§ **WORK INSTRUCTIONS**
Output all entries exactly as they appear and skip the pictures.

─── PROVIDED ENTRIES ───

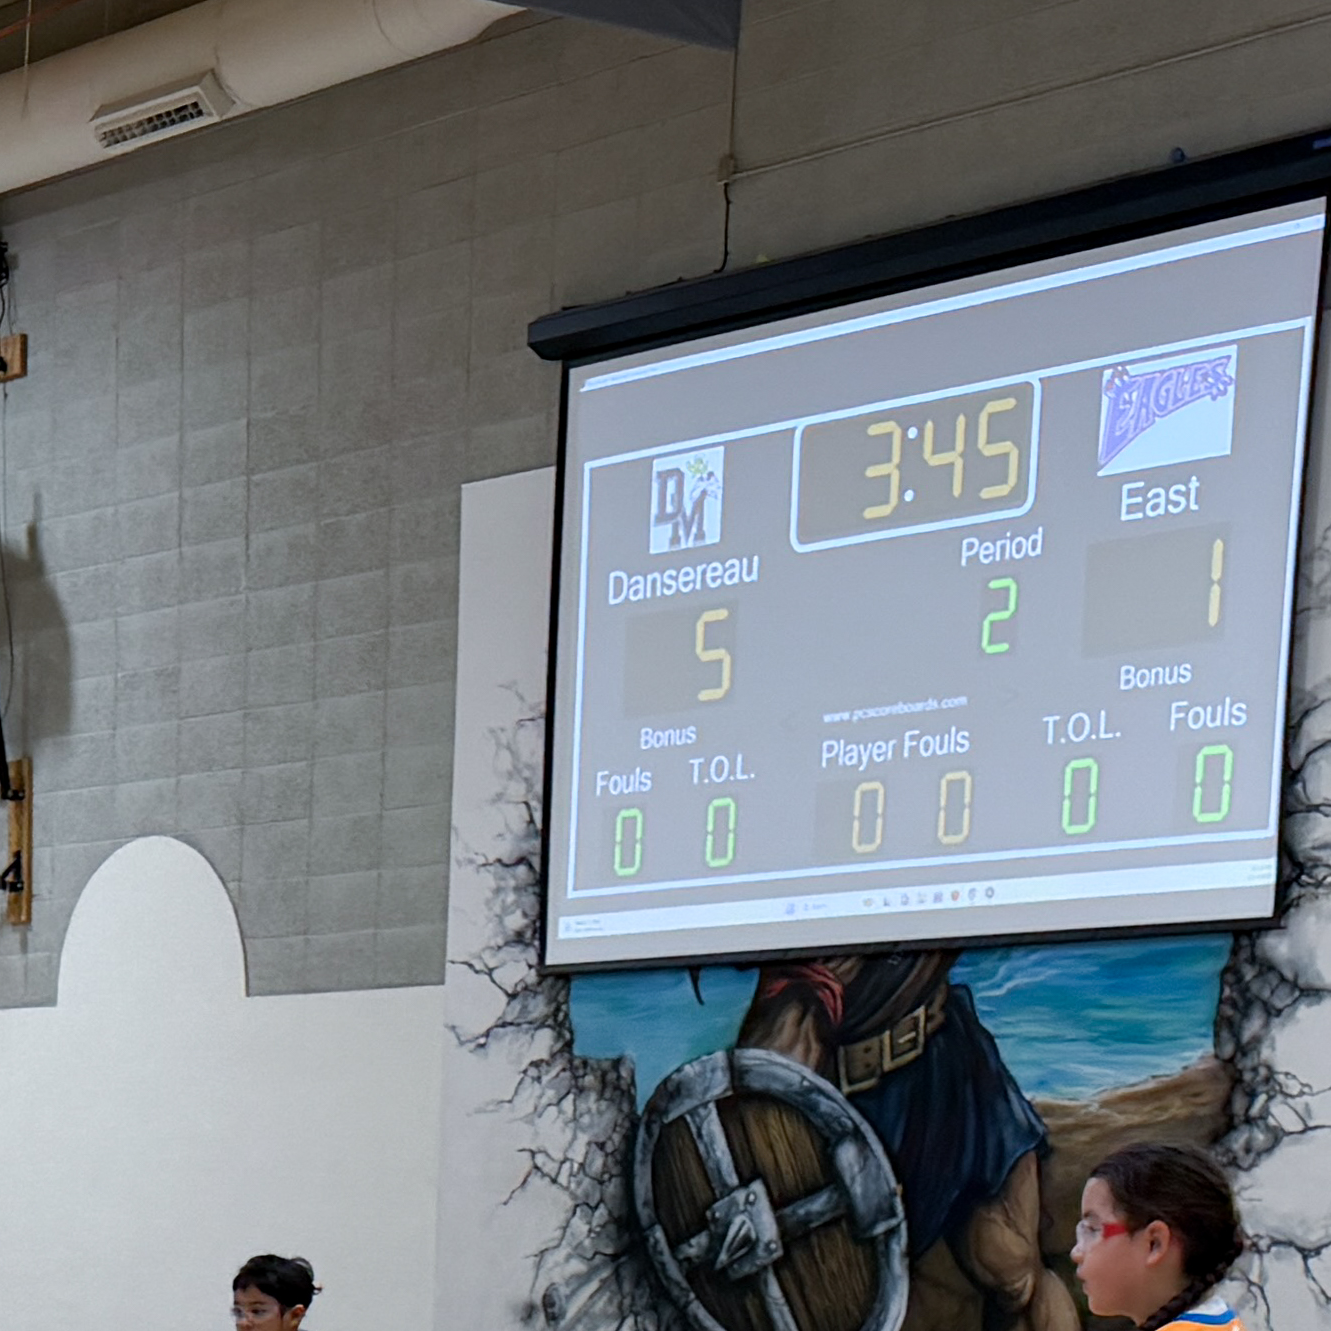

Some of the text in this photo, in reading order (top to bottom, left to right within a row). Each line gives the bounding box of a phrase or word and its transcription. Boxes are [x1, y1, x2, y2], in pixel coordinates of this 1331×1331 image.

[863, 397, 1019, 519] 3:45
[1120, 475, 1200, 521] East
[961, 526, 1043, 567] Period
[608, 555, 760, 605] Dansereau
[1208, 538, 1224, 627] 1
[981, 577, 1018, 654] 2
[695, 608, 732, 701] 5
[1119, 663, 1193, 690] Bonus
[640, 726, 696, 749] Bonus
[1042, 710, 1121, 744] T.O.L.
[1170, 696, 1247, 731] Fouls
[689, 753, 755, 785] T.O.L.
[822, 726, 970, 771] Player Fouls
[596, 767, 652, 796] Fouls
[1062, 757, 1099, 835] 0
[1192, 744, 1234, 823] 0
[706, 797, 736, 867] 0
[852, 770, 972, 853] 0 0
[614, 808, 643, 876] 0

───

§ **ANSWER**
Some of the text in this photo, in reading order (top to bottom, left to right within a row). Each line gives the bounding box of a phrase or word and its transcription. Boxes are [x1, y1, x2, y2], in pixel coordinates of this 1331×1331 image.

[863, 397, 1019, 519] 3:45
[1120, 475, 1200, 521] East
[961, 526, 1043, 567] Period
[608, 555, 760, 605] Dansereau
[1208, 538, 1224, 627] 1
[981, 577, 1018, 654] 2
[695, 608, 732, 701] 5
[1119, 663, 1193, 690] Bonus
[640, 726, 696, 749] Bonus
[1042, 710, 1121, 744] T.O.L.
[1170, 696, 1247, 731] Fouls
[689, 753, 755, 785] T.O.L.
[822, 726, 970, 771] Player Fouls
[596, 767, 652, 796] Fouls
[1062, 757, 1099, 835] 0
[1192, 744, 1234, 823] 0
[706, 797, 736, 867] 0
[852, 770, 972, 853] 0 0
[614, 808, 643, 876] 0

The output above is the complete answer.